How to show this matrix is positive definite?

Given: $A,A_0 \in \mathbb{R}^{n \times n};A,A_0$ symmetric and pos. def.; $A>A_0(\Leftrightarrow A-A_0$ pos. def. or $v^TAv>v^TA_0v,\forall v);B \in \mathbb{R}^{m \times n}$ of row full rank $m, m<n$

I want to show that $M:=\left( \begin{array}{cc} AA_0^{-1}A-A && (AA_0^{-1}-I)B^T \\ B(A_0^{-1}A-I) && BA_0^{-1}B^T \end{array} \right)$ is pos. def..

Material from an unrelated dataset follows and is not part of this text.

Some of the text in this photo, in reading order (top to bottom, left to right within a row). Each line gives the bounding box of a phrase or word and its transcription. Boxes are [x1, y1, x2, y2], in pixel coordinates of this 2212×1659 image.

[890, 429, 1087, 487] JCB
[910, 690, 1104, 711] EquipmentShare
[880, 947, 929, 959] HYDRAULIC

I started with $(v,w)^TM\left( \begin{array}{c} v \\ w \end{array} \right)=v^T(AA_0^{-1}A-A)v + v^T(AA_0^{-1}-I)B^Tw+w^TB(A_0^{-1}A-I)v +w^TBA_0^{-1}B^Tw$

I know that both $AA_0^{-1}A-A$ and $BA_0^{-1}B^T$ are pos. def.

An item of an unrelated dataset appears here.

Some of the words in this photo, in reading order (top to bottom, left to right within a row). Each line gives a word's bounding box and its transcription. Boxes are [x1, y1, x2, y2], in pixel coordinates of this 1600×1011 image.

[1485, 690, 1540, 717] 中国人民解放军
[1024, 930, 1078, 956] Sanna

Now I was told to use Cauchy-Schwarz and Young's inequality in the following way to get an estimate for the other terms: $a:=w^TB, b:=(A-A_0)v$

$w^TB(A_0^{-1}A-I)v=aA_0^{-1}b \leq \sqrt{aA_0^{-1}a}\sqrt{bA_0^{-1}b} \leq \frac{\epsilon}{2}aA_0^{-1}a+\frac{1}{2\epsilon}bA_0^{-1}b,\epsilon \in \mathbb{R}^+$ but I’m not quite sure how that gives me an useful estimate. Would appreciate any help.

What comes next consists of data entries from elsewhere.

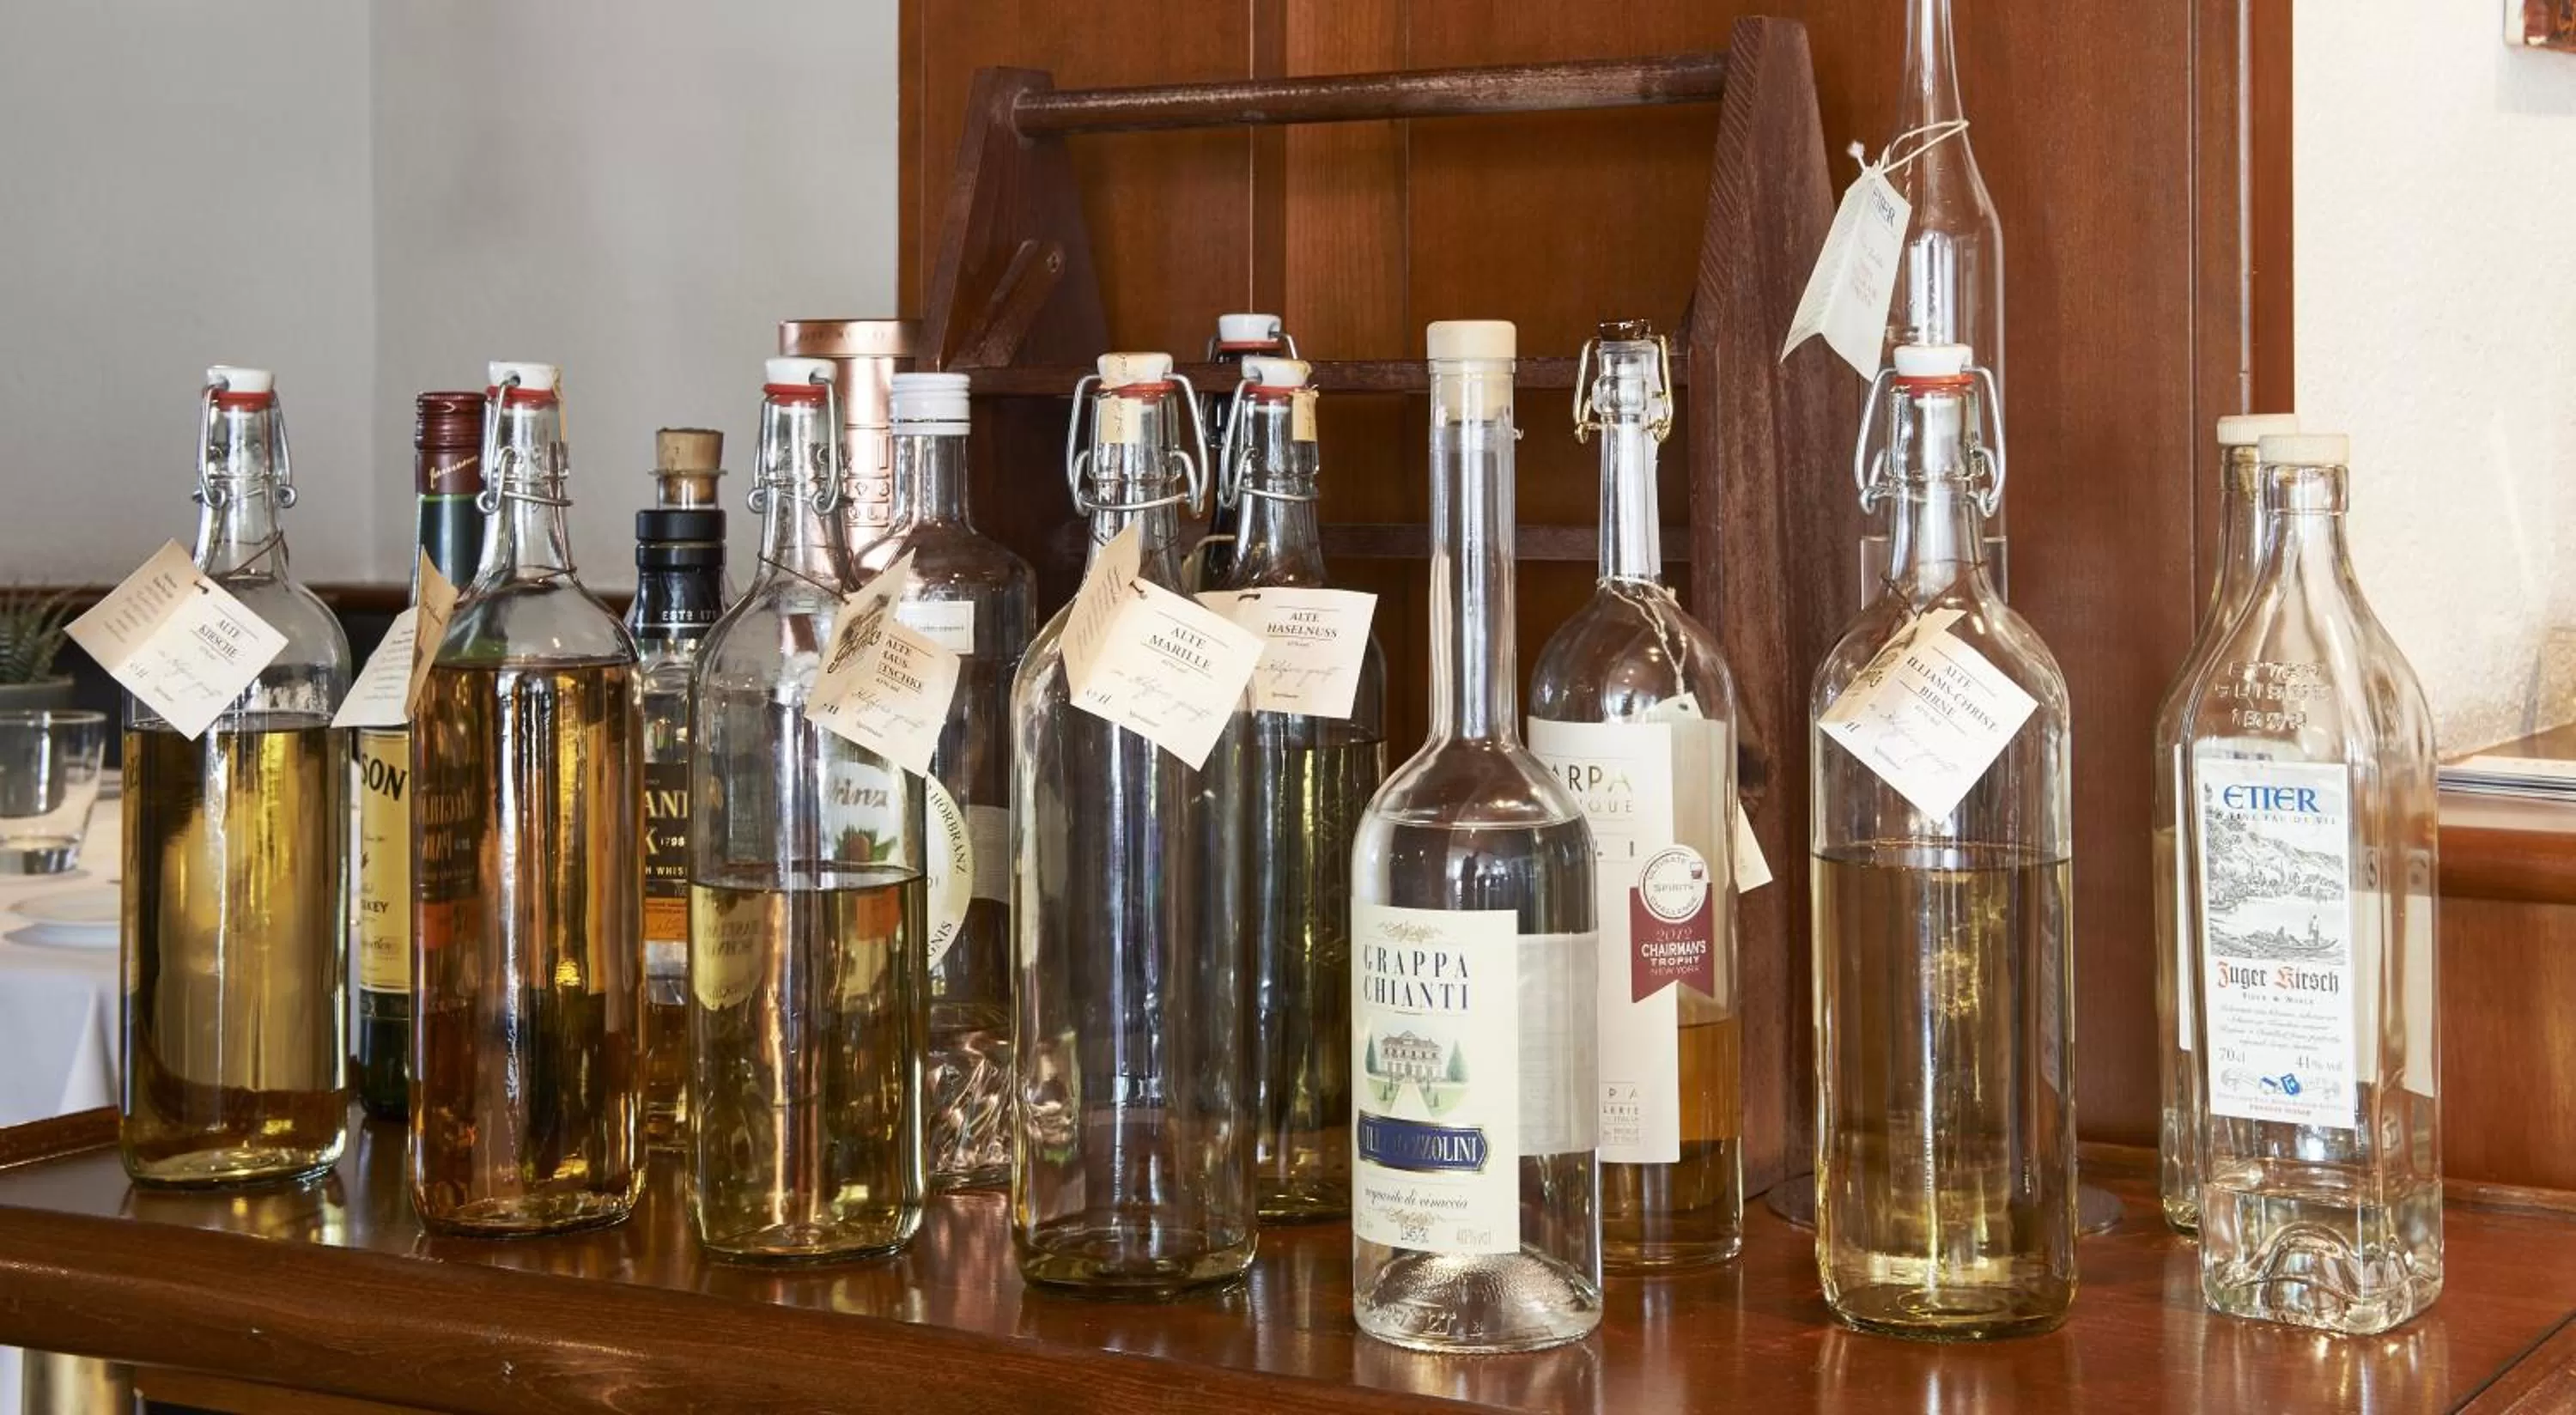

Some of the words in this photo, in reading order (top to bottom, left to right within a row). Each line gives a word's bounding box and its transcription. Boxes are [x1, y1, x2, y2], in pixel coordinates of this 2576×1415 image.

[1288, 610, 1321, 624] ALTE
[1170, 626, 1207, 649] ALTE
[1267, 622, 1340, 640] HASELNUSS
[885, 638, 912, 657] ALTE
[1148, 634, 1212, 671] MARILLE
[1944, 665, 1972, 690] ALTE
[1918, 685, 1957, 718] BIRNE
[361, 751, 407, 801] SON
[2223, 783, 2321, 813] ETTER
[656, 865, 688, 877] WHIS
[1656, 927, 1693, 942] 2012
[1641, 940, 1707, 957] CHAIRMAN'S
[1364, 944, 1468, 979] GRAPPA
[1650, 955, 1700, 967] TROPHY
[1650, 966, 1674, 976] NEW
[1676, 964, 1700, 976] YORK
[2218, 961, 2268, 989] Zuger
[2274, 965, 2339, 994] Kirsch
[1364, 975, 1468, 1011] CHIANTI

Edit: With back substitution I get

$|w^TB(A_0^{-1}A-I)v| \leq \frac{1}{2}aA_0^{-1}a+\frac{1}{2}bA_0^{-1}b = \frac{1}{2}w^TBA_0^{-1}B^Tw + \frac{1}{2}v^T(A-A_0)^TA_0^{-1}(A-A_0)v = \frac{1}{2}w^TBA_0^{-1}B^Tw + \frac{1}{2}v^T(AA_0^{-1}A-A)v-\frac{1}{2}v^T(A-A_0)v$

and

$|w^TB(A_0^{-1}A-I)v| + |v^T(AA_0^{-1}-I)B^Tw| \leq w^TBA_0^{-1}B^Tw + v^T(AA_0^{-1}A-A)v-v^T(A-A_0)v$

which should give me what I need since $v^T(A-A_0)v >0$, or am I wrong?


Solution 1:

You don't need those inequalities. As $A>A_0>0$, we have $A_0^{-1}>A^{-1}>0$. Therefore $P=(A_0^{-1}-A^{-1})^{1/2}$ exists and $$ M =\pmatrix{ AA_0^{-1}A-A & (AA_0^{-1}-I)B^T\\ B(A_0^{-1}A-I) & BA_0^{-1}B^T} =\underbrace{\pmatrix{ AP & 0\\ BP & BA^{-1/2}}}_X \pmatrix{ PA & PB^T\\ 0 & A^{-1/2}B^T} =XX^T $$ is a Gram matrix. Since $B$ has full row rank, so does $X$. Hence $M>0$.

Solution 2:

From the Cauchy-Schwarz inequality and the Young's inequality, you have

$\begin{align} & \left| v^T (A A_0^{-1} - I) B^T w \right| \\ &= \left| v^T A (A_0^{-1} - A^{-1}) B^T w \right| \\ &\le \sqrt{v^T A (A_0^{-1} - A^{-1}) A^T v} \sqrt{w^T B (A_0^{-1} - A^{-1}) B^T w} && \text{(by Cauchy-Schwarz inequality)} \\ &\le \frac{1}{2} v^T A (A_0^{-1} - A^{-1}) A^T v + \frac{1}{2} w^T B (A_0^{-1} - A^{-1}) B^T w && \text{(by Young's inequality)} . \end{align}$

Hence,

$\begin{align} \left| v^T (A A_0^{-1} - I) B^T w + w^T B (A_0^{-1} A - I) v \right| &\le \left| v^T (A A_0^{-1} - I) B^T w \right| + \left| v^T (A A_0^{-1} - I) B^T w \right| \\ &\le v^T A (A_0^{-1} - A^{-1}) A^T v + w^T B (A_0^{-1} - A^{-1}) B^T w . \end{align}$

It follows that

$\begin{align} & v^T (A A_0^{-1} A - A) v + v^T (A A_0^{-1} - I) B^T w + w^T B (A_0^{-1} A - I) v + w^T B A_0^{-1} B^T w \\ & \ge \left( v^T (A A_0^{-1} A - A) v + w^T B A_0^{-1} B^T w \right) - \left( v^T A (A_0^{-1} - A^{-1}) A^T v + w^T B (A_0^{-1} - A^{-1}) B^T w \right) \\ &= w^T B A_0^{-1} B^T w - w^T B (A_0^{-1} - A^{-1}) B^T w \\ &= w^T B A^{-1} B^T w > 0 \end{align}$

for $ w \neq \mathbf{0} $, which implies that $ M $ is positive definite.